**Exercise materials:**
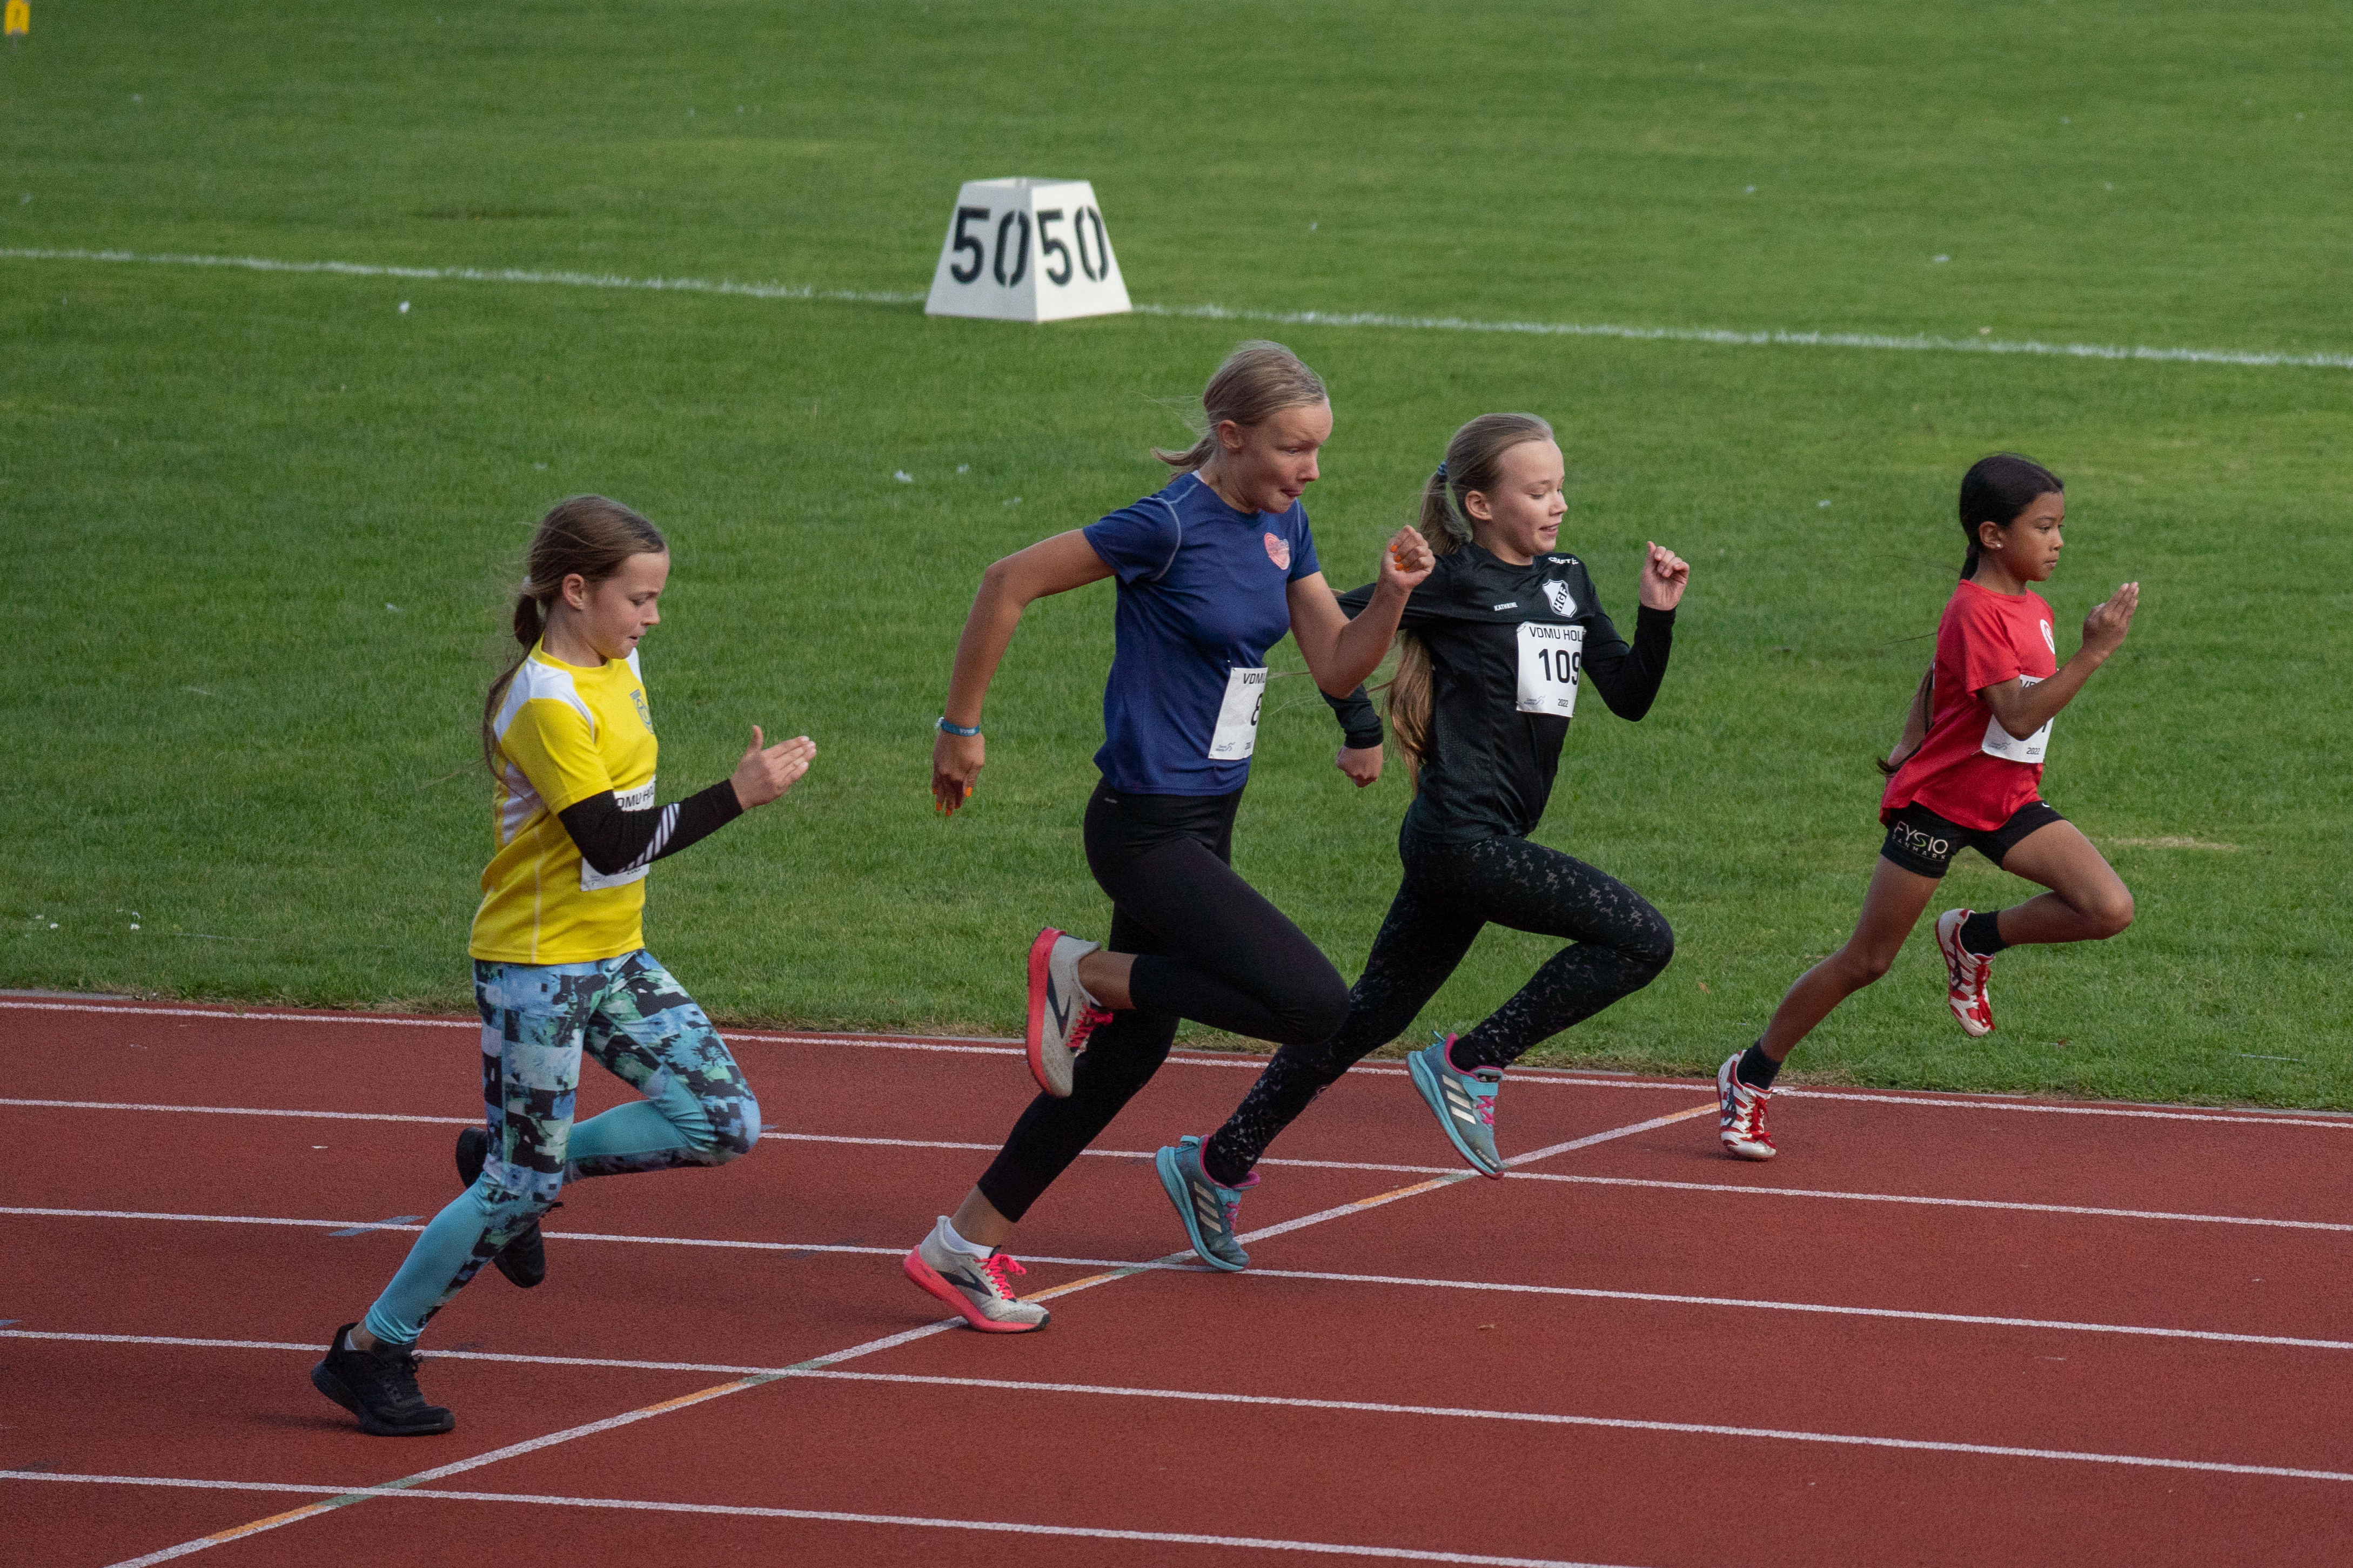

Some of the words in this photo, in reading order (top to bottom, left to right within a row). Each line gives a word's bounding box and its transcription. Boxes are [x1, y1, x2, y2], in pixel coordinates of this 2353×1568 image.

[950, 207, 1031, 288] 50
[1036, 206, 1109, 286] 50
[1553, 587, 1568, 613] HGF
[1529, 627, 1560, 640] VDMU
[616, 792, 642, 808] DMU
[1892, 834, 1946, 859] DANMARK
[1894, 821, 1948, 853] FYSIO
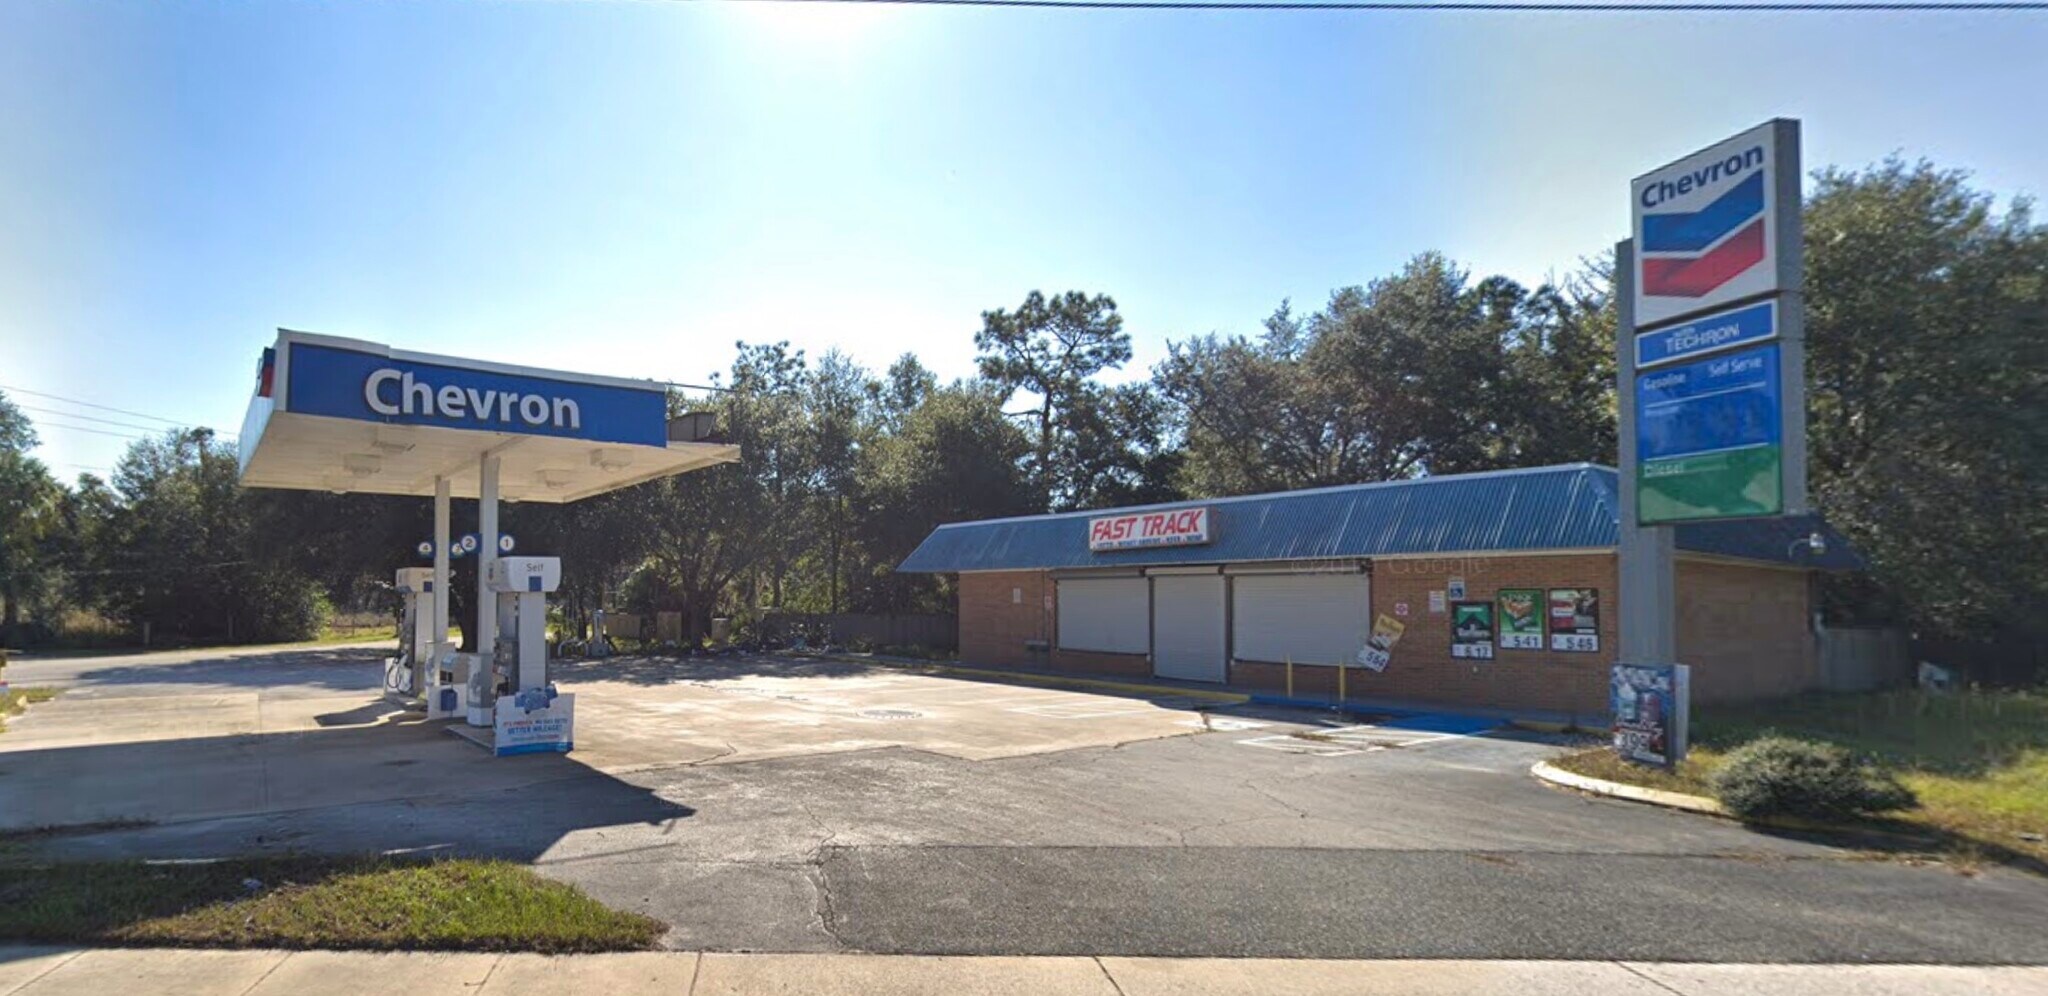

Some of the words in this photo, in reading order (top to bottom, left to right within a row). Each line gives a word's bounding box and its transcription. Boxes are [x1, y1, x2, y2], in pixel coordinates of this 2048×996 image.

[1640, 144, 1764, 209] Chevron
[1665, 322, 1741, 354] TECHRON
[1642, 373, 1687, 391] Gasoline
[1708, 360, 1730, 378] Self
[1731, 356, 1763, 374] Serve
[364, 367, 581, 430] Chevron
[1643, 460, 1684, 476] Diesel
[1091, 517, 1138, 541] FAST
[1142, 510, 1203, 537] TRACK
[526, 562, 544, 572] Self
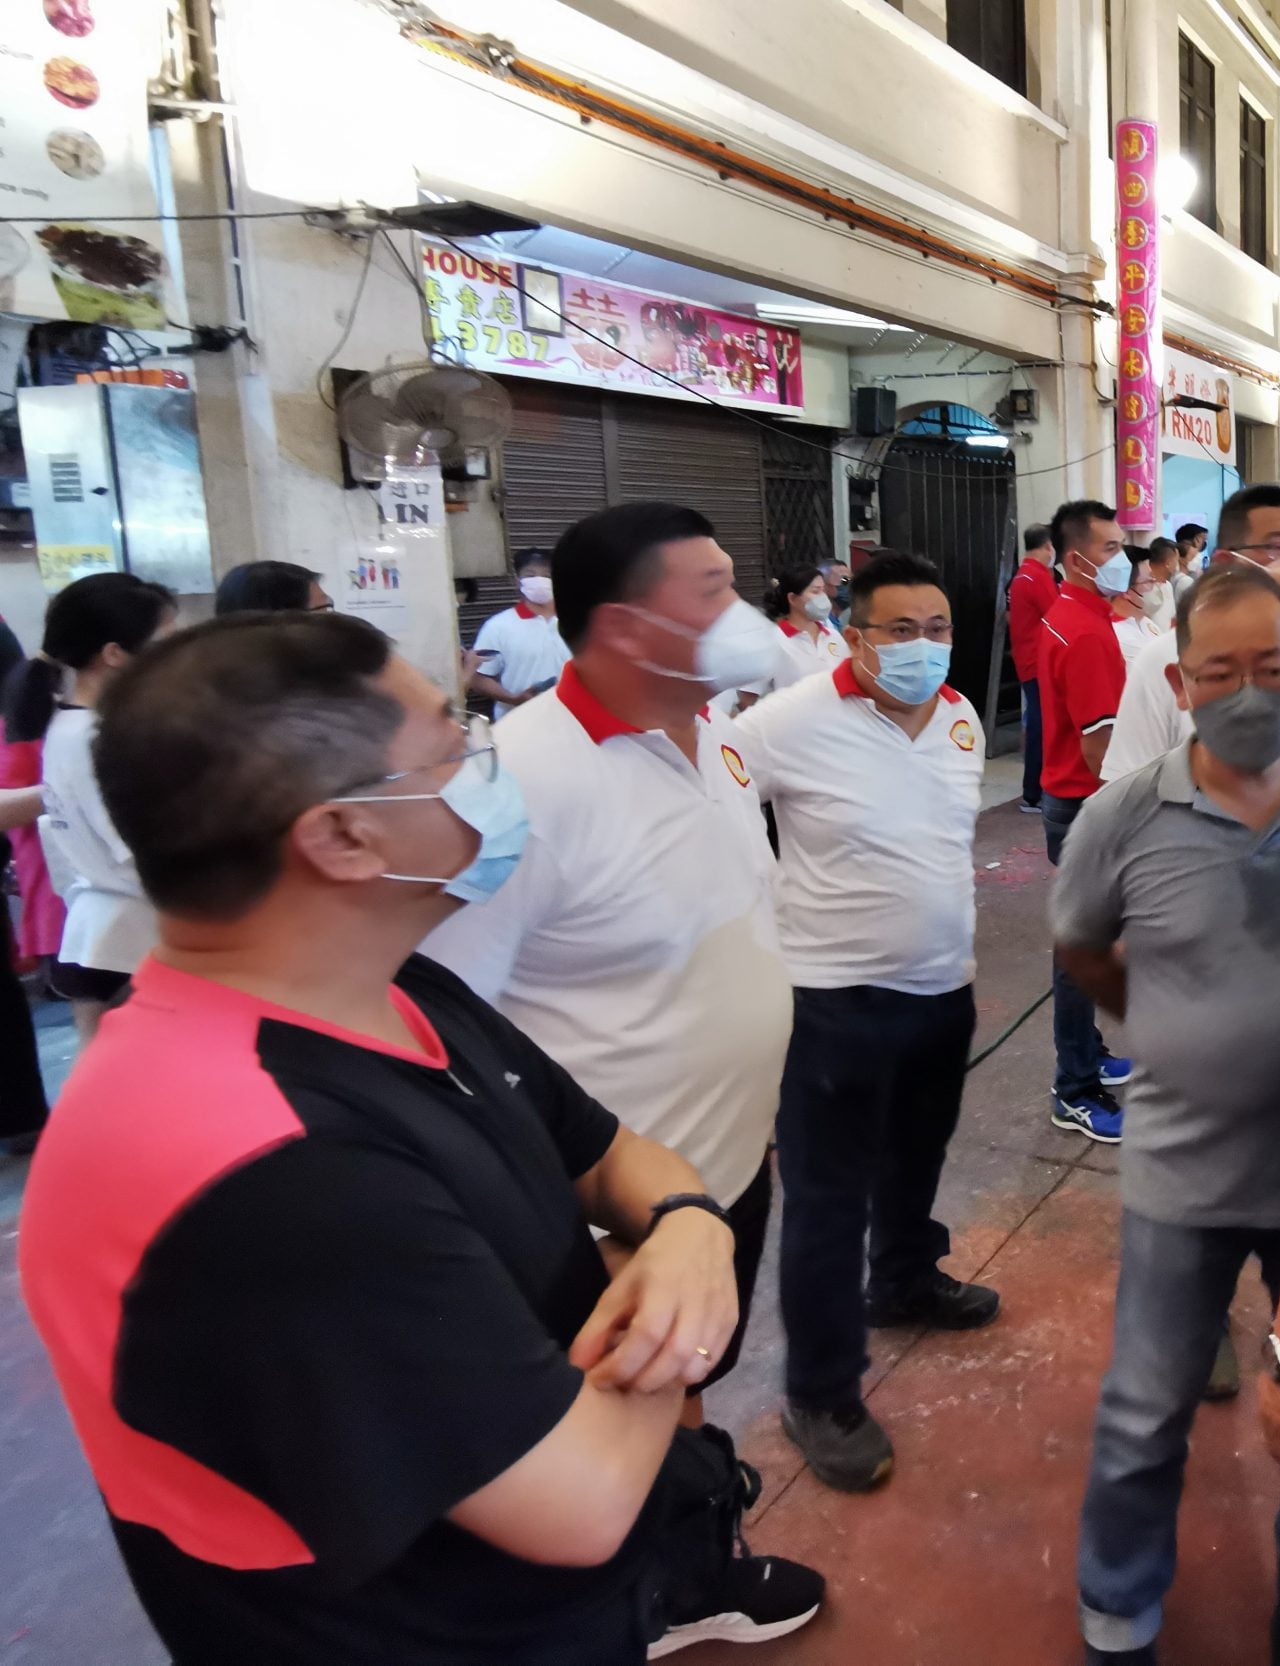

**Your task:** Would you reproduce the records exactly as they stand, but without the pictures?

**Answer:**
Some of the words in this photo, in reading order (top to bottom, left to right within a row). Each line gives a word's bounding box and its transcription. Boxes are [x1, y1, x2, y2], in pixel coordinates of this 2353×1568 image.

[950, 207, 1031, 288] 50
[1036, 206, 1109, 286] 50
[1553, 587, 1568, 613] HGF
[1529, 627, 1560, 640] VDMU
[616, 792, 642, 808] DMU
[1892, 834, 1946, 859] DANMARK
[1894, 821, 1948, 853] FYSIO

Some of the words in this photo, in reading order (top to bottom, left to right within a row). Each line gives a word's bounding box and its transcription. Boxes are [x1, y1, x2, y2], in pixel coordinates of this 2048×996 image.

[1640, 144, 1764, 209] Chevron
[1665, 322, 1741, 354] TECHRON
[1642, 373, 1687, 391] Gasoline
[1708, 360, 1730, 378] Self
[1731, 356, 1763, 374] Serve
[364, 367, 581, 430] Chevron
[1643, 460, 1684, 476] Diesel
[1091, 517, 1138, 541] FAST
[1142, 510, 1203, 537] TRACK
[526, 562, 544, 572] Self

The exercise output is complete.